# [Problem to solve]
Your copy should repeat each record below exactly and contain no images.

# [Extracted data]
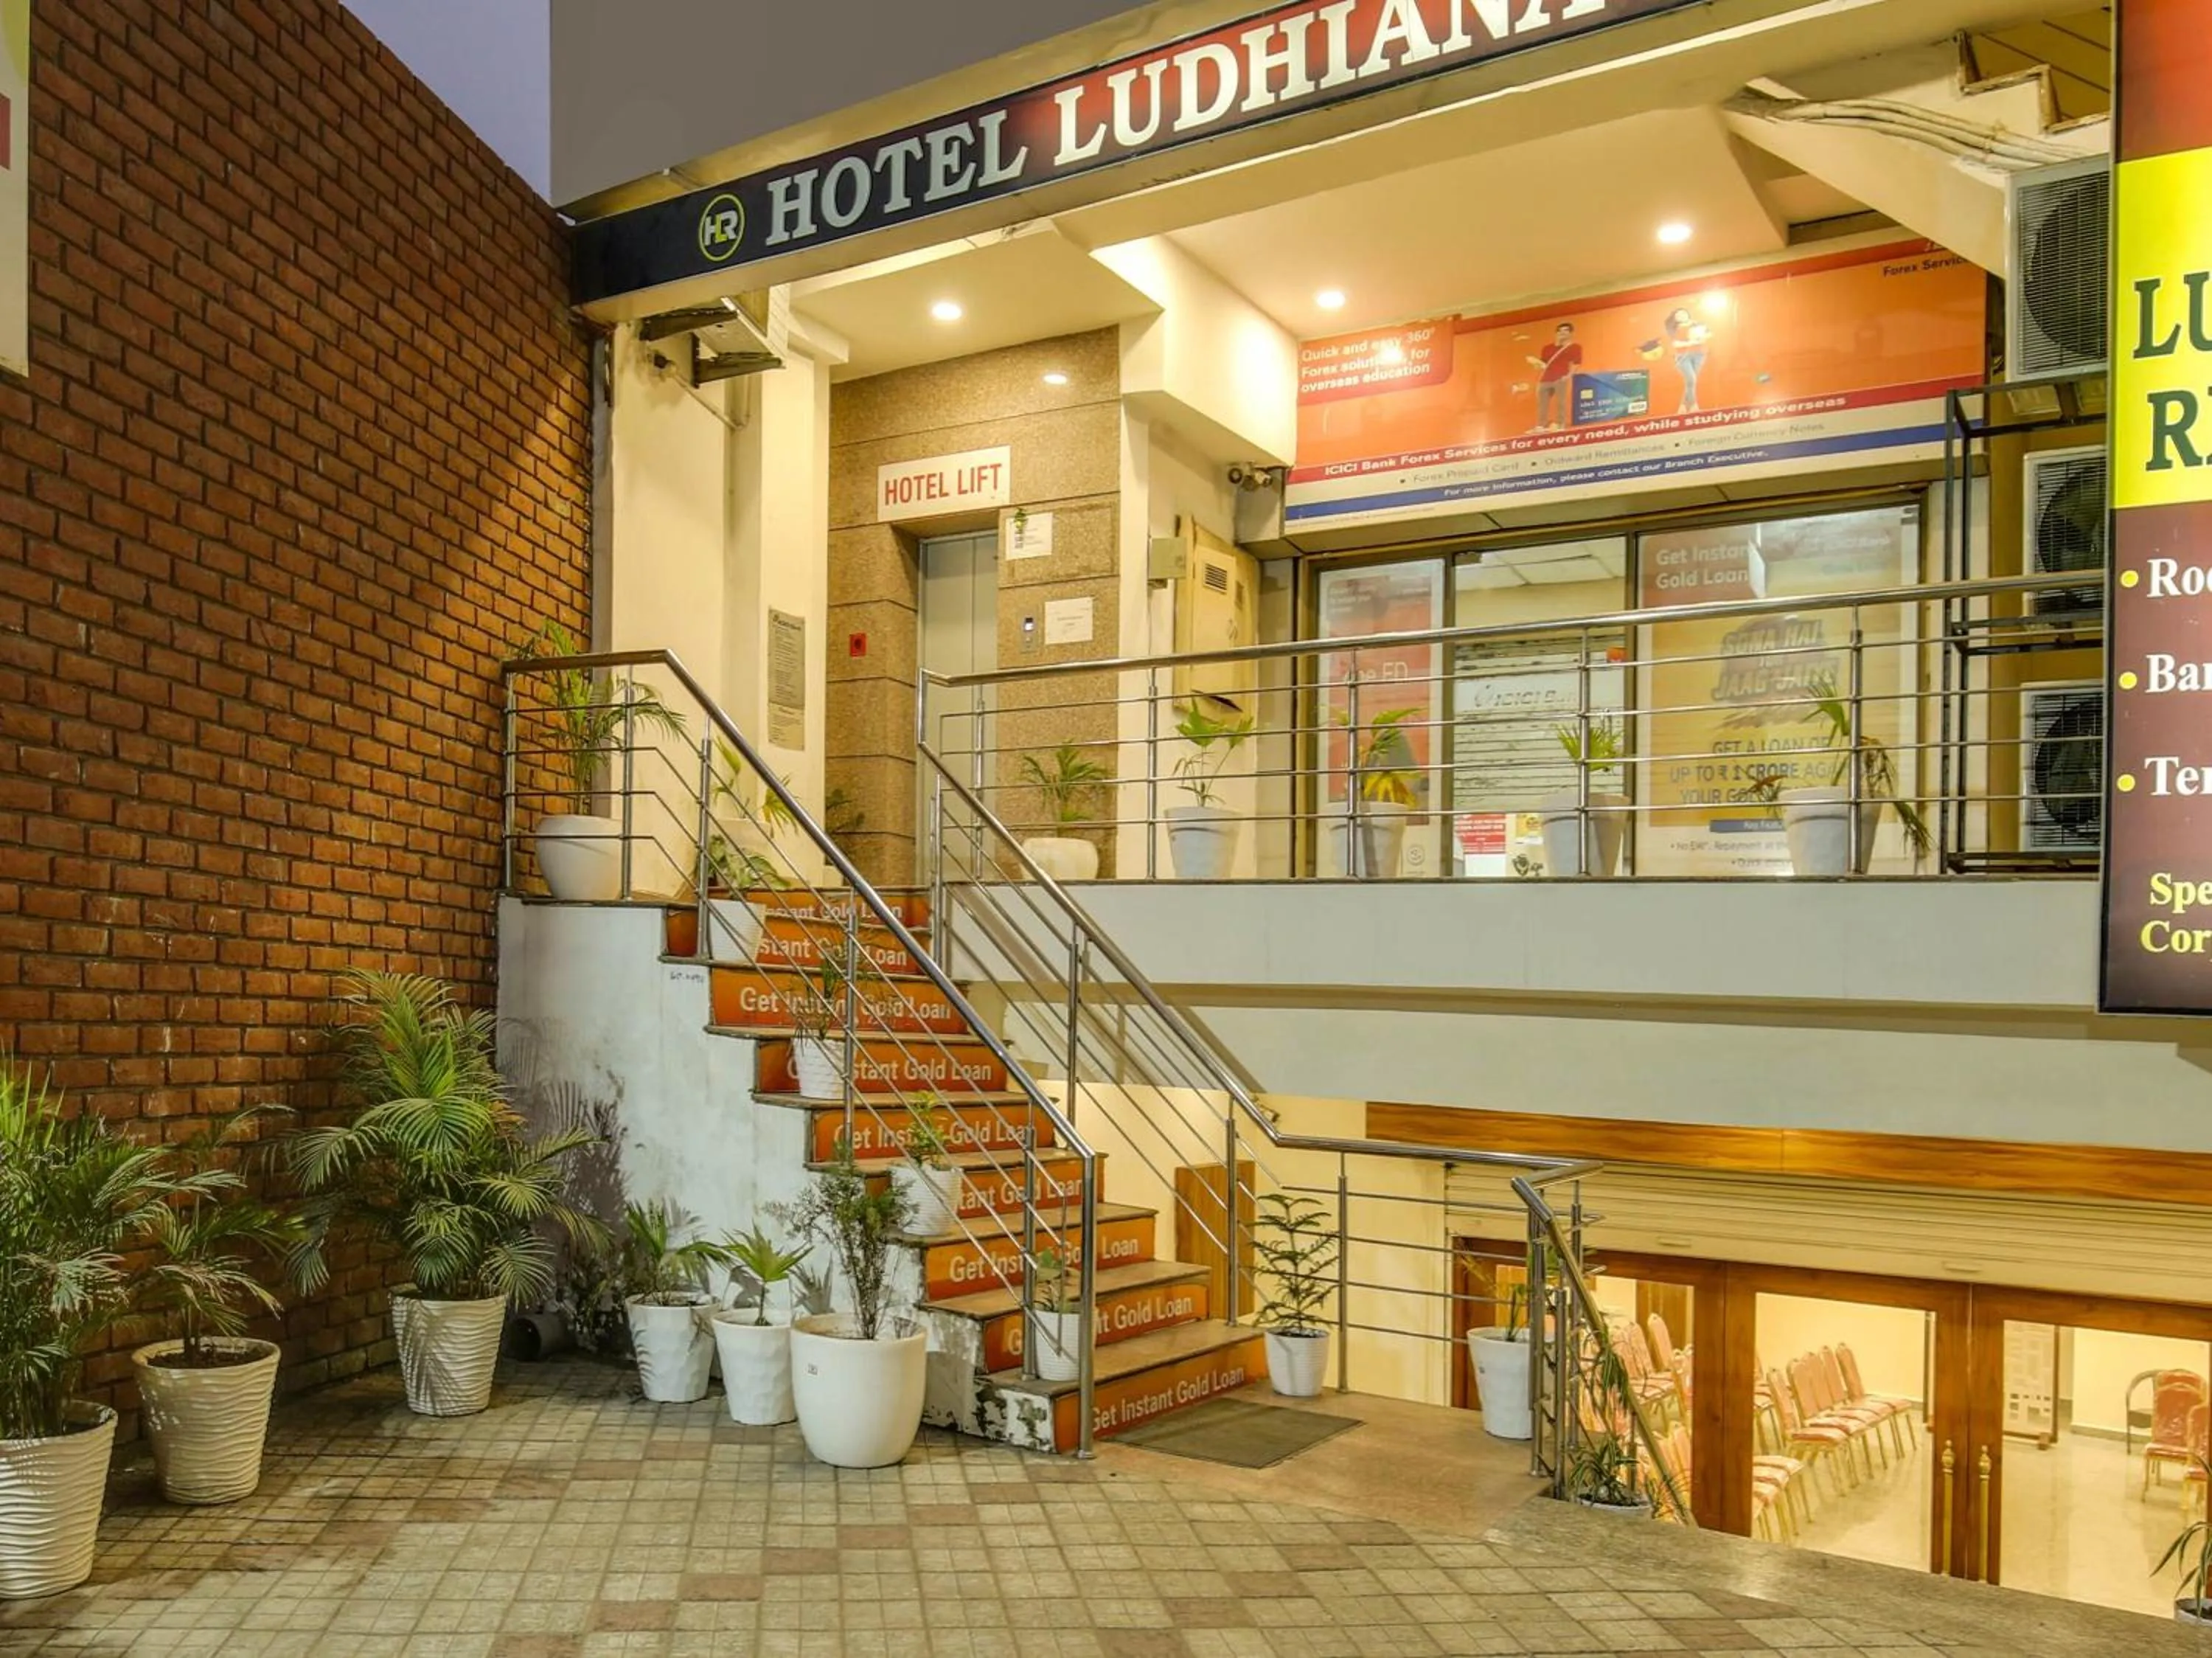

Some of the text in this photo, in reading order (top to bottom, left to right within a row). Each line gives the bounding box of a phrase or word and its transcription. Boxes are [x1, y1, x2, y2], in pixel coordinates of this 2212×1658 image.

[765, 109, 1029, 247] HOTEL
[1882, 257, 1969, 277] Forex Servic
[1301, 362, 1339, 379] Forex
[1411, 347, 1430, 360] for
[1302, 346, 1339, 363] Quick
[1343, 341, 1368, 355] and
[1301, 363, 1430, 392] overseas education
[1325, 397, 1846, 476] ICICI Bank Forex Services for every need, while studying overseas
[2146, 386, 2212, 471] R
[885, 463, 1002, 505] HOTEL LIFT
[1444, 488, 1460, 497] For
[1464, 485, 1490, 495] more
[1559, 471, 1595, 483] please
[1598, 465, 1641, 478] contact
[1642, 462, 1661, 473] our
[1665, 457, 1705, 471] Branch
[1655, 544, 1750, 566] Get Instan
[1655, 567, 1750, 589] Gold Loan
[2147, 558, 2212, 597] Ro
[1713, 740, 1742, 754] GET
[1747, 740, 1756, 753] A
[1670, 766, 1690, 784] UP
[1696, 765, 1715, 782] TO
[1746, 763, 1798, 780] CRORE
[760, 936, 812, 958] stant
[2141, 920, 2212, 961] Cor
[740, 987, 779, 1013] Get
[904, 1058, 947, 1081] Gold
[951, 1058, 992, 1081] Loan
[950, 1120, 992, 1145] Gold
[950, 1252, 986, 1283] Get
[1102, 1235, 1138, 1259] Loan
[1114, 1300, 1152, 1331] Gold
[1155, 1296, 1193, 1319] Loan
[1121, 1387, 1174, 1423] Instant
[1176, 1378, 1209, 1404] Gold
[1212, 1366, 1245, 1392] Loan

# [Response]
Some of the text in this photo, in reading order (top to bottom, left to right within a row). Each line gives the bounding box of a phrase or word and its transcription. Boxes are [x1, y1, x2, y2], in pixel coordinates of this 2212×1658 image.

[765, 109, 1029, 247] HOTEL
[1882, 257, 1969, 277] Forex Servic
[1301, 362, 1339, 379] Forex
[1411, 347, 1430, 360] for
[1302, 346, 1339, 363] Quick
[1343, 341, 1368, 355] and
[1301, 363, 1430, 392] overseas education
[1325, 397, 1846, 476] ICICI Bank Forex Services for every need, while studying overseas
[2146, 386, 2212, 471] R
[885, 463, 1002, 505] HOTEL LIFT
[1444, 488, 1460, 497] For
[1464, 485, 1490, 495] more
[1559, 471, 1595, 483] please
[1598, 465, 1641, 478] contact
[1642, 462, 1661, 473] our
[1665, 457, 1705, 471] Branch
[1655, 544, 1750, 566] Get Instan
[1655, 567, 1750, 589] Gold Loan
[2147, 558, 2212, 597] Ro
[1713, 740, 1742, 754] GET
[1747, 740, 1756, 753] A
[1670, 766, 1690, 784] UP
[1696, 765, 1715, 782] TO
[1746, 763, 1798, 780] CRORE
[760, 936, 812, 958] stant
[2141, 920, 2212, 961] Cor
[740, 987, 779, 1013] Get
[904, 1058, 947, 1081] Gold
[951, 1058, 992, 1081] Loan
[950, 1120, 992, 1145] Gold
[950, 1252, 986, 1283] Get
[1102, 1235, 1138, 1259] Loan
[1114, 1300, 1152, 1331] Gold
[1155, 1296, 1193, 1319] Loan
[1121, 1387, 1174, 1423] Instant
[1176, 1378, 1209, 1404] Gold
[1212, 1366, 1245, 1392] Loan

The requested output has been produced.